Despite all the illness, Thea has continued to love school and excel at it. We can’t say enough about her magical teacher, who clearly adores her and all of the students and makes special effort to make Thea feel included even when we’re not there. Last week, for example, Thea facetimed into “centers” every single morning and was carried around to each table to complete the tasks. She hates missing school and asked for a school playkit at home so she can be the teacher. Before all this she’d been taking piano lessons and swimming which has built her confidence a lot.

Siggy continues to love her school and boss everyone around in the cutest way possible. Her biggest struggle is and probably always will be her little sister complex. She is furious she can’t do everything Thea can do and absolutely under no circumstances should you ever call her cute, which apparently means “little”.

Thea still goes to the hospital for twice monthly blood draws, takes her oral chemo every day and visits the OR for a lumbar puncture followed by IV chemo & steroids every three months. We just finished one of these “pulses” so she won’t need to go back again until May.

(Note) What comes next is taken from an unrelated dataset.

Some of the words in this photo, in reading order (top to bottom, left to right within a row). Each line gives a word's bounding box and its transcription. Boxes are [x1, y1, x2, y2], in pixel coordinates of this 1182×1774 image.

We started assessing our emergency supplies three weeks ago and spent two full weekends getting things organized. We felt crazy at the time because most people weren’t there with us yet, but are glad now that we didn’t have to shop in the insane mobs that have become the new normal this past week. So, to those readers in other parts of the country, it’s good to feel like you’re overreacting. Don’t let that stop you. In the end we’re actually shooting for that. If one day we can all say, man that was an overreaction, then actually it wasn't, it worked.

P.S. If you can’t stay inside and must make urgent errands etc, consider some of the automatic hygiene habits we’ve developed over time. If you are questioning any one of them, we built them for a reason. Ping us and ask and we will tell you stories.

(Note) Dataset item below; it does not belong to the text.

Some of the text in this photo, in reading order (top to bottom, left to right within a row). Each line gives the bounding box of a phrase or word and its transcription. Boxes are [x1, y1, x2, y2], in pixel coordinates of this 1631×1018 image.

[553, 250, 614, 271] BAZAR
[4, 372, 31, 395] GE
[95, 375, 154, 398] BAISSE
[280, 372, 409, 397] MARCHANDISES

  1. Sanitize immediately when entering and exiting the car, no matter what.

  2. 1)Sanitize immediately when entering the house, then 2) go straight to the bathroom and wash with soap. Why both? I’ve noticed we get distracted from step 2 sometimes.

  3. Bribe like hell to wash hands well. We use fun musical timers and chocolate chips (Yes, they get one every time they wash well. Don’t worry, their uncle is an orthodontist.)

  4. Wash hands before and after any food prep or consumption, wash hands after blowing noses.

  5. Put cleaning wipes in every bathroom, kitchen and entryway. Build nightly habit to wipe down handles, flushers, faucets, knobs, drawer pulls, light switches etc. Siggy loves this job.

  6. Remove cloth hand towels and replace with paper towels.

  7. Keep toothbrushes separate from one another.

  8. Keep wipes in car and sanitize door handles, steering wheel, etc.

  9. Change clothes when coming in from outside. Jeff stopped riding public transit.

  10. As Siggy says, sanitize the hanitizer :)

And finally, perhaps most importantly, our hearts swell and eyes get teary thinking of all of the healthcare workers and service workers that will be on the frontlines fighting this and keeping basic services open. From the tops of our heads to the tips of our toes, thank you, thank you, thank you, thank you.